DEX New York Cosmetics, Inc.
- Company type: Incorporated
- Industry: Personal care
- Founded: March 2008
- Founder: Dexter Phillip (CEO) and Daniel Padnos (CFO)
- Headquarters: New York City, United States
- Number of locations: 19 (1 showroom, 18 retail partners)
- Area served: North America
- Products: Cosmetics
- Website: www.dexnewyork.com

= DEX New York =

DEX New York Cosmetics, Inc. is an American cosmetics company that specializes in mineral make-up without the use of mica or bismuth oxychloride as its base. Its product line includes DEX New York Cosmetics, as well as like-branded make-up applicators and accessories.
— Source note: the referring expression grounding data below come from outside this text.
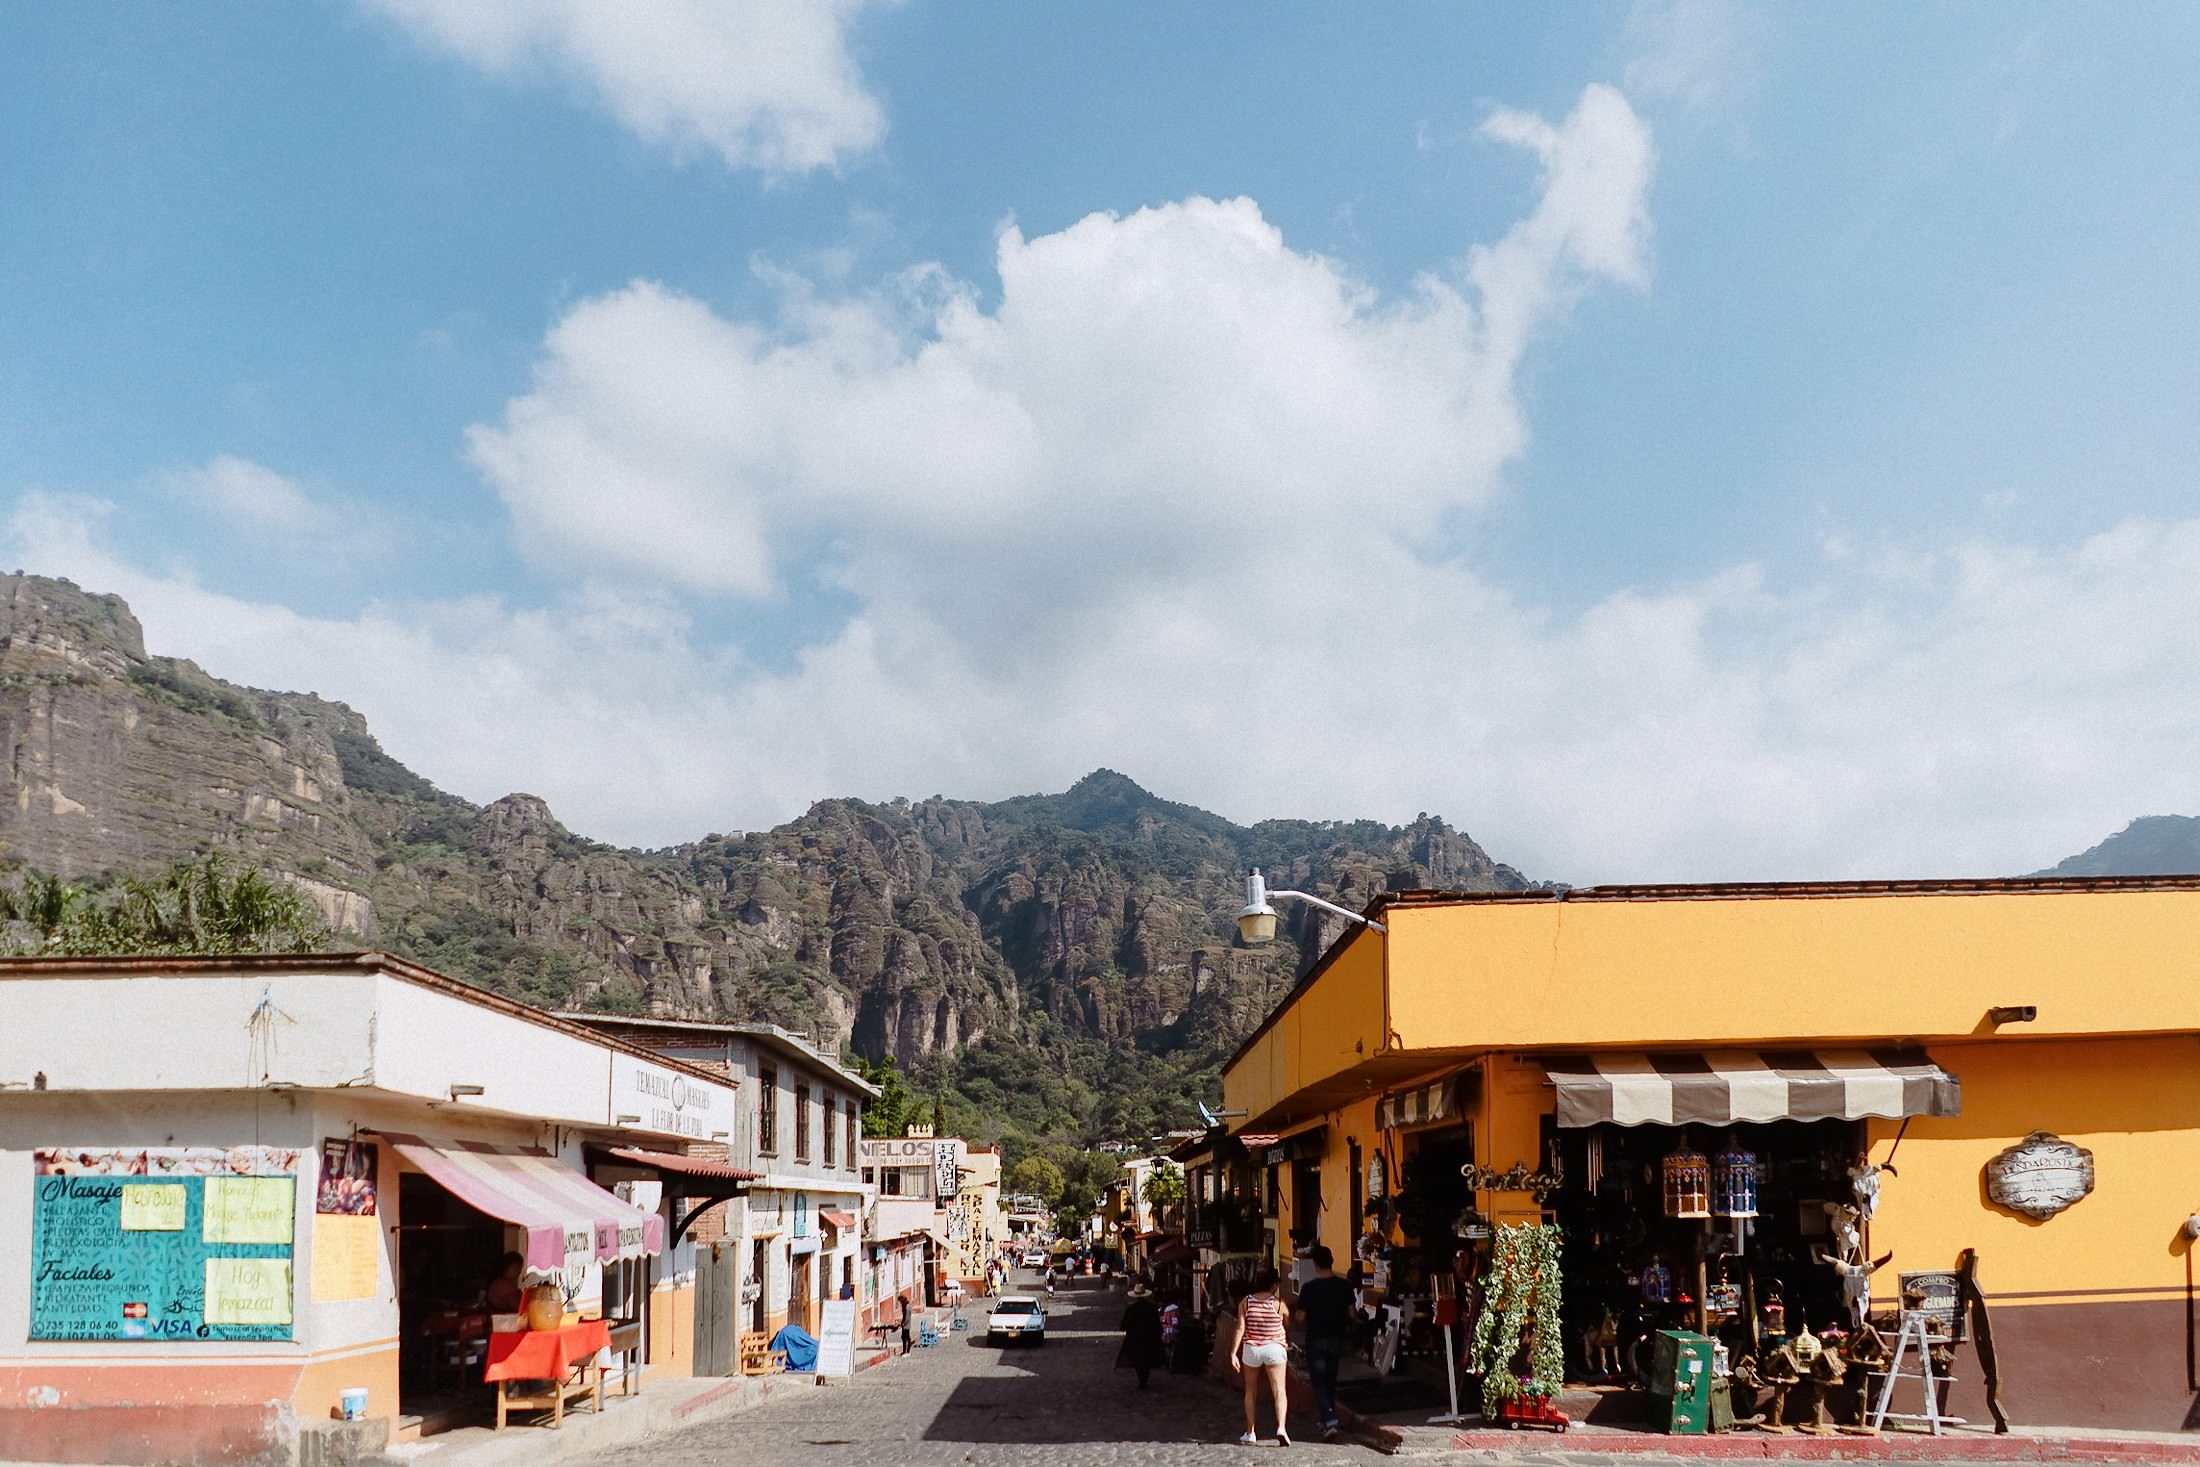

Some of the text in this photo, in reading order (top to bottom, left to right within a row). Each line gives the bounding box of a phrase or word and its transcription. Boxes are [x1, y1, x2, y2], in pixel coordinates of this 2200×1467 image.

[636, 1070, 670, 1100] TEMAZCAL
[1190, 1231, 1213, 1241] PIZZAS
[972, 1220, 982, 1277] TEMAZCAL
[36, 1260, 116, 1281] Faciales
[232, 1265, 261, 1288] Hoy
[45, 1321, 64, 1330] 735
[68, 1321, 86, 1330] 128
[105, 1321, 119, 1330] 40
[152, 1319, 192, 1333] VISA
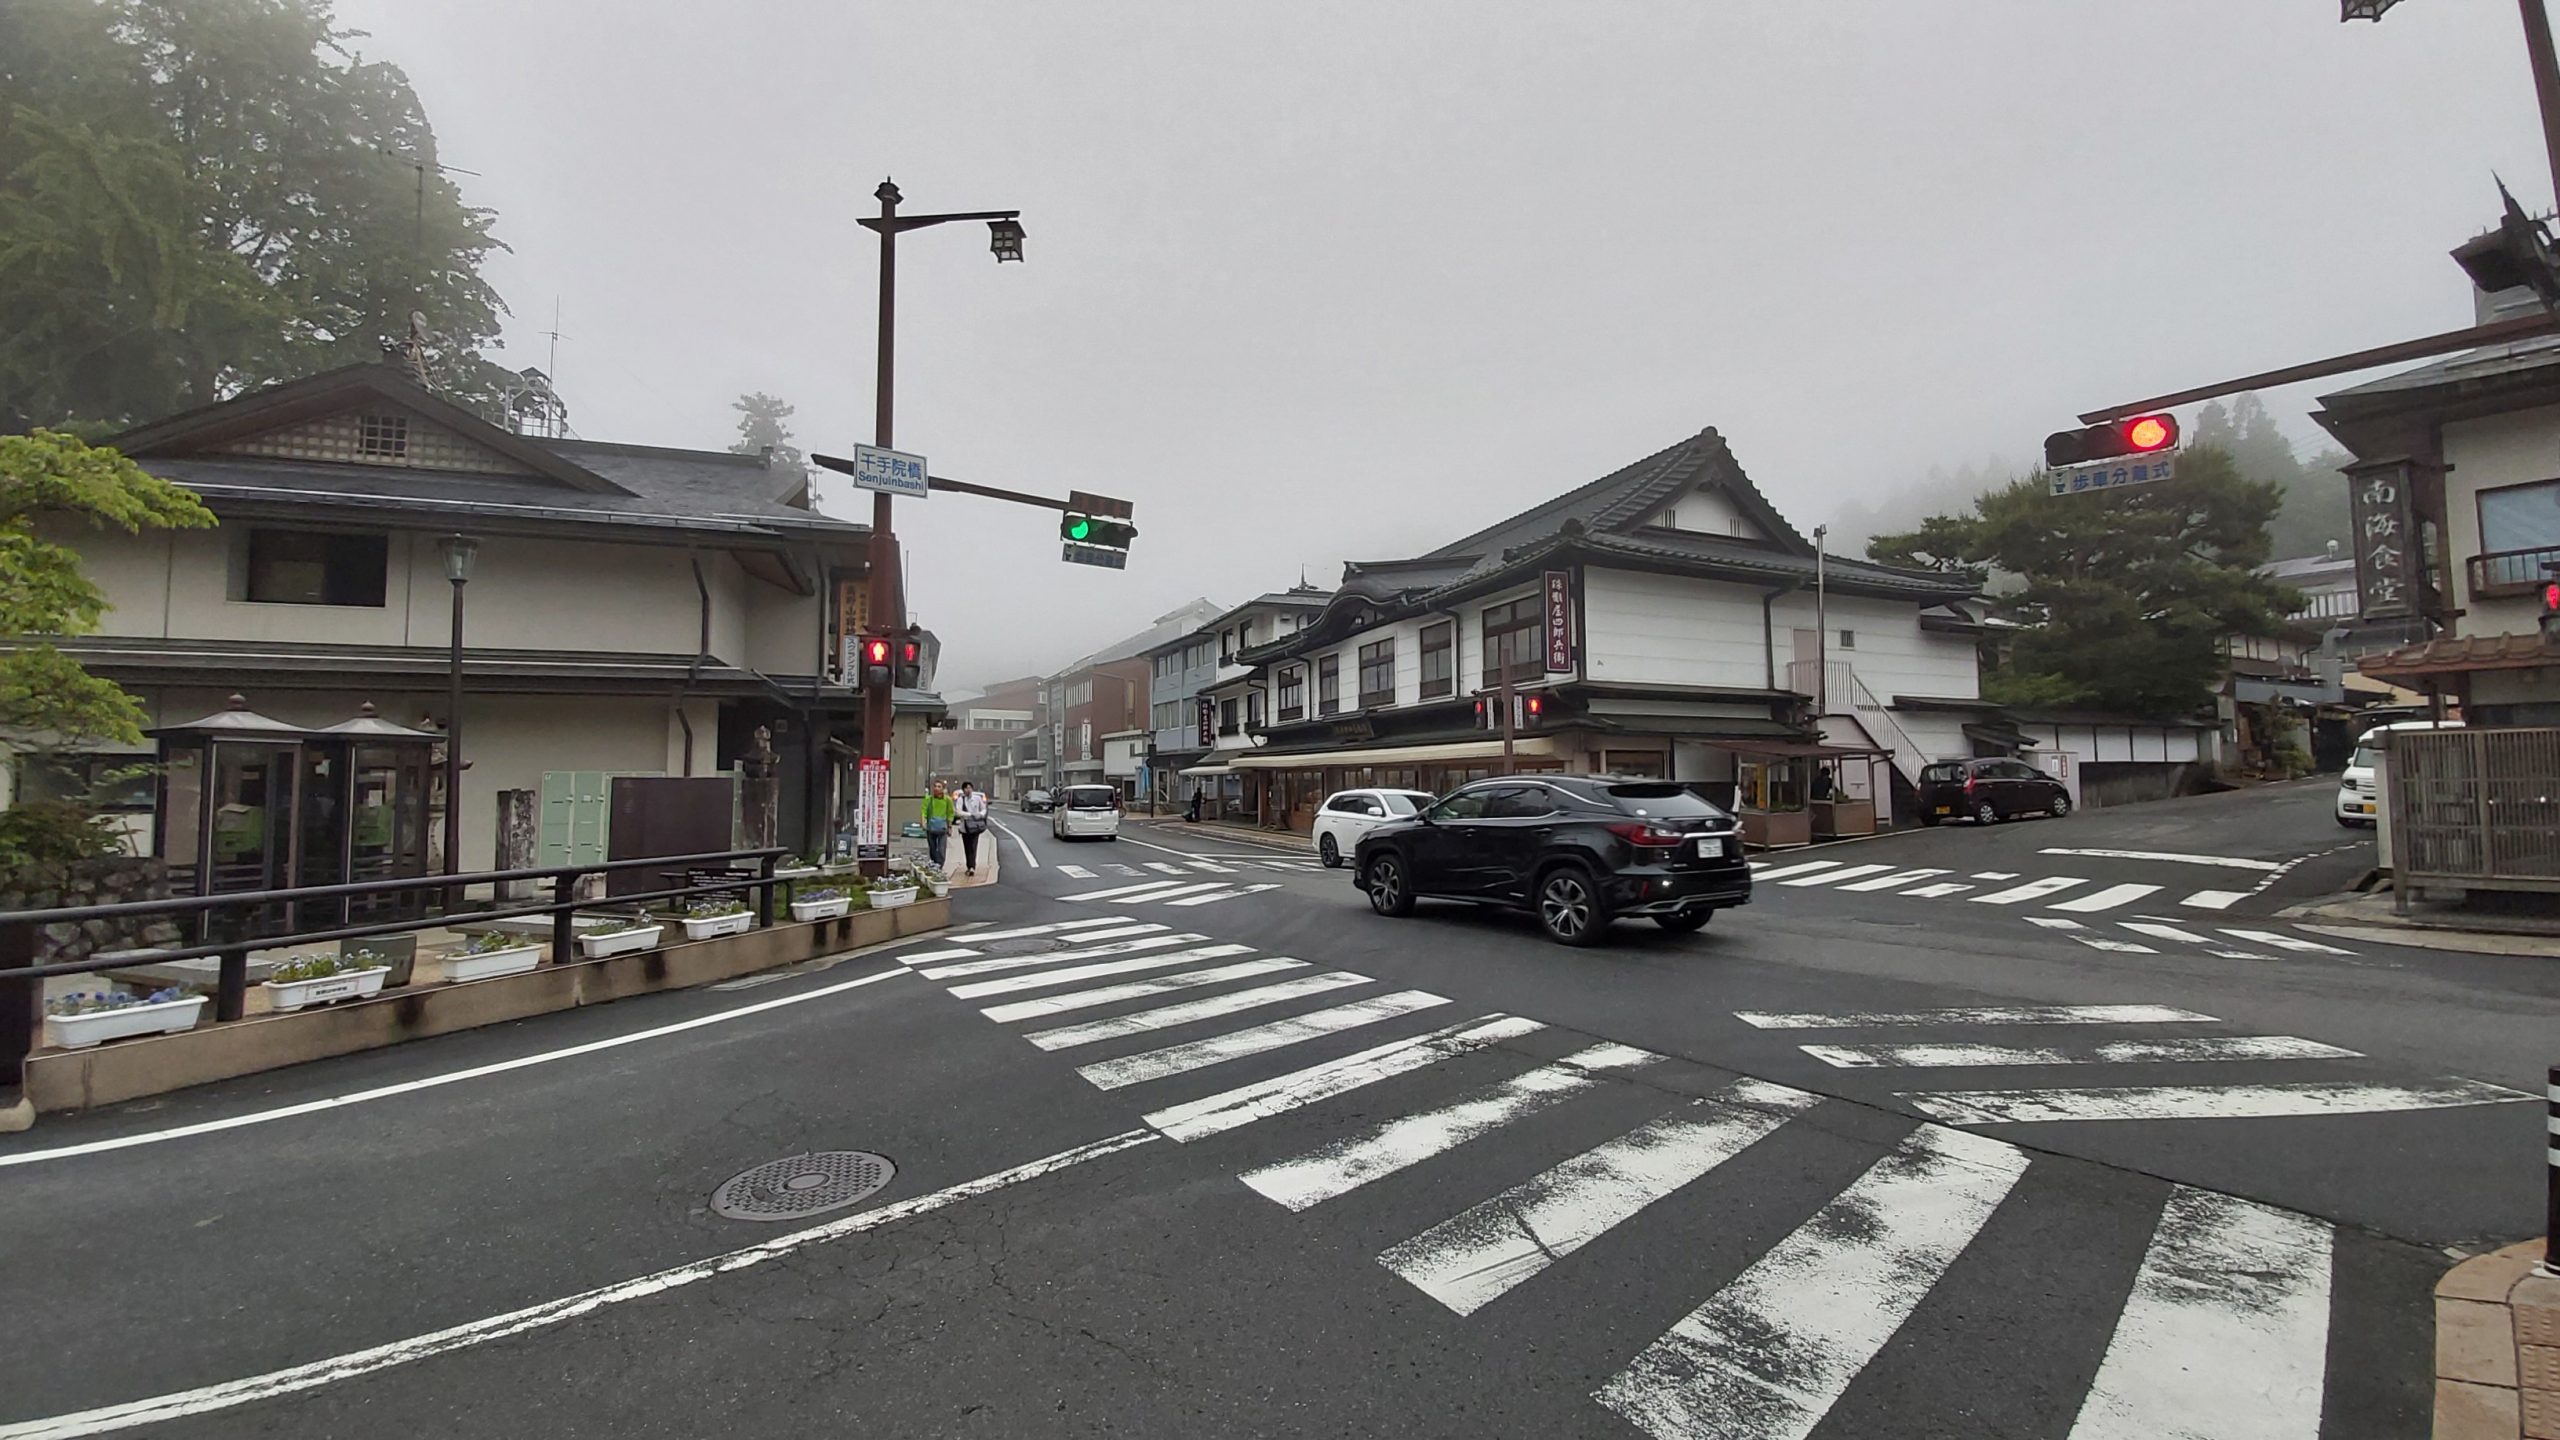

Its corporate headquarters is located in New York - the cross roads of Fifth Avenue and East 57th Street.

== History ==

Trinidad-born Dexter Phillip, a fashion consultant by trade, founded DEX New York in March 2008 together with partner Daniel Padnos. It consists of his mineral cosmetics line and a private beauty-and-photography studio in 65th Street in downtown Manhattan. The company moved its studio to a 750-square-foot space in Fifth Avenue in 2010, with Lady Gaga as their first client. The new studio is meant to be exclusive, as it can only accommodate two clients at a time and does not have a street-side window to ward off paparazzi.
Meanwhile, DEX New York Cosmetics has expanded into over 120 products, including mineral-based skin products, powders, eye shadows, lipsticks, and sunless tanner.